Gaspard eventually launched a coup attempt against Celene while she is in the city of Halamshiral, which forces the Empress and her entourage to do their best to stay hidden from Gaspard and his agents as they attempt to track her down. Celene's goal is to return to Val Royeux and rally forces loyal to her as her only chance of stopping him. Along the way, Celene encounters the mysterious elven apostate Felassan, a clan of Dalish elves who has summoned a powerful demon, the magical mirror artifacts known as the Eluvians, and is even forced to work alongside Gaspard himself to ensure their mutual survival.

==Reception==
Reviewer Liz Bourke commented that while her experience of reading The Masked Empire felt more like a prologue for a future game as opposed to a complete narrative in and of itself, she found the novel to be enjoyable and praised Trick Weekes for being a "significantly better prose writer than David Gaider, who authored the previous Dragon Age tie-in novels". She concluded that The Masked Empire is an entertaining novel, "despite possessing in full measure the flaws of its source material". Dominika "Mara" Bieńkowska from the Polish website Nerdheim scored The Masked Empire 9 out of 10.

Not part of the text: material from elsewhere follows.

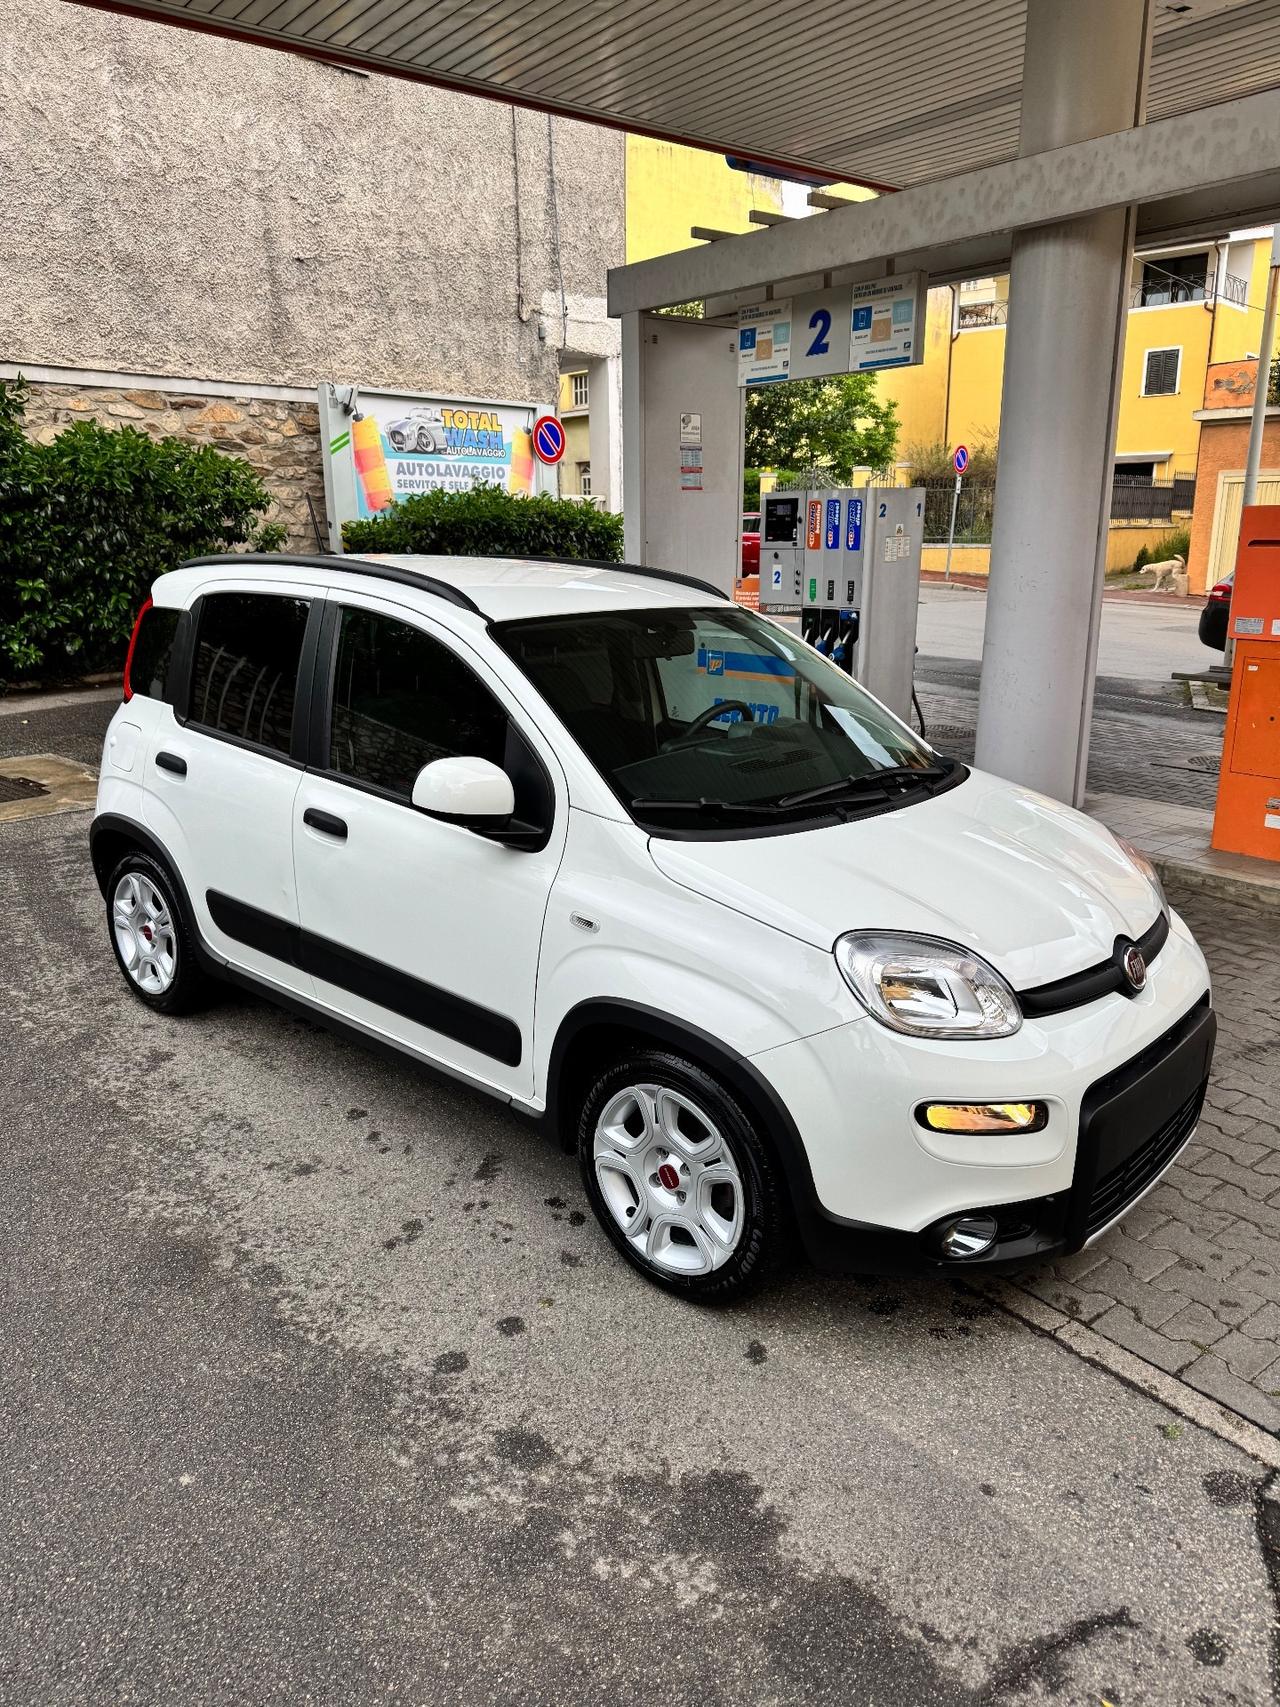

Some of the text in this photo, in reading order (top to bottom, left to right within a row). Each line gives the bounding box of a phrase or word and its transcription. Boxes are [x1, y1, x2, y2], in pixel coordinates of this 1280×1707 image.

Keri Honea from Playstation Lifestyle considered The Masked Empire to be essential reading for players, as the novel provides much context for the backstory and lore of Inquisition's events, including how and why Michel freed Imshael in the first place, as well as the “Wicked Eyes, Wicked Hearts” quest. Various sources have cited The Masked Empire as a notable example of BioWare's approach of publishing novels and written works in other media which introduce forthcoming locations, ancillary characters and quest lines leading up to a new release or a further project in the distant future, with the goal of advance the overall narrative of the series beyond the perspective of a specific video game protagonist.